= Beginning of Section =

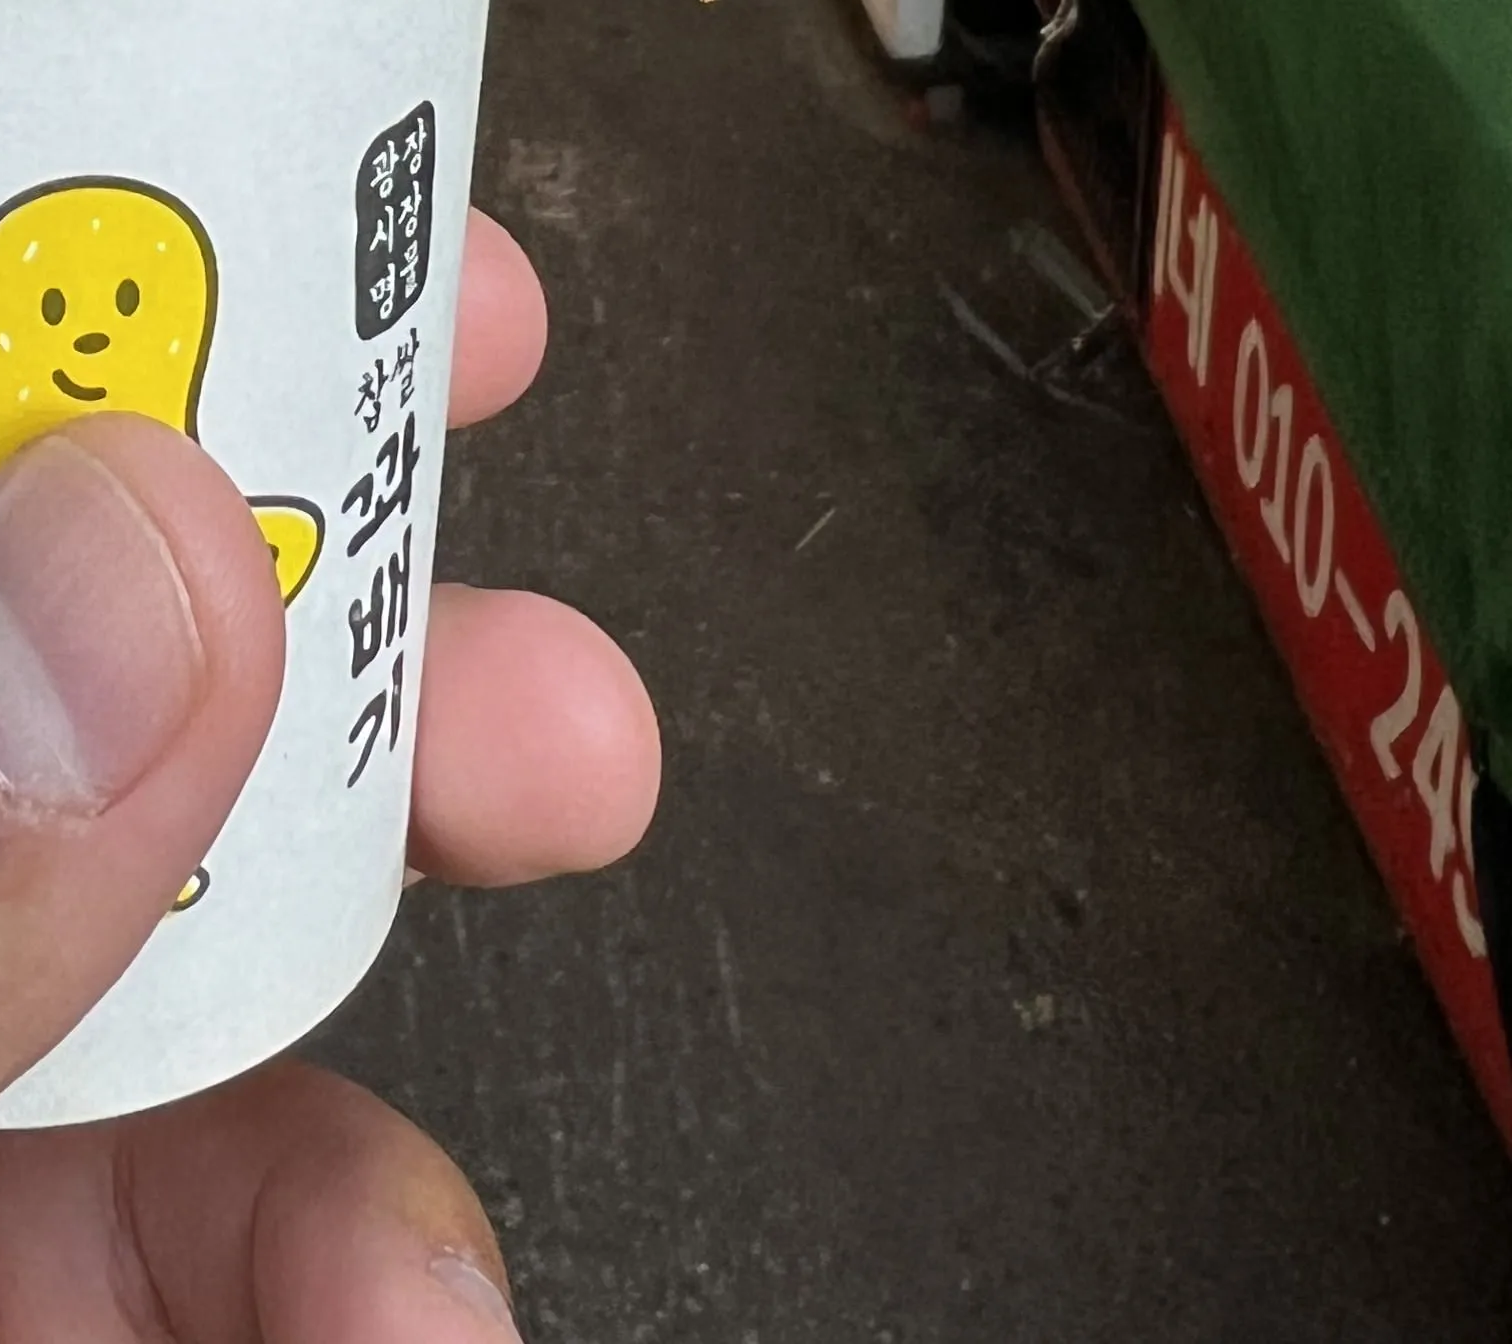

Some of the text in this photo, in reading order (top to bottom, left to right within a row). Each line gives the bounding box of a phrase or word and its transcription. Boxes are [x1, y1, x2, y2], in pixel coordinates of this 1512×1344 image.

[369, 117, 428, 193] 광장
[369, 181, 424, 253] 시장
[370, 241, 421, 320] 명물
[354, 327, 420, 434] 찹쌀
[341, 412, 421, 790] 꽈배기

= End of Section =

#### PROMPT:
A verbatim transcription of the records, pictures excluded, is the required output.

#### WRITTEN RESPONSE:
Some of the text in this photo, in reading order (top to bottom, left to right within a row). Each line gives the bounding box of a phrase or word and its transcription. Boxes are [x1, y1, x2, y2], in pixel coordinates of this 1512×1344 image.

[369, 117, 428, 193] 광장
[369, 181, 424, 253] 시장
[370, 241, 421, 320] 명물
[354, 327, 420, 434] 찹쌀
[341, 412, 421, 790] 꽈배기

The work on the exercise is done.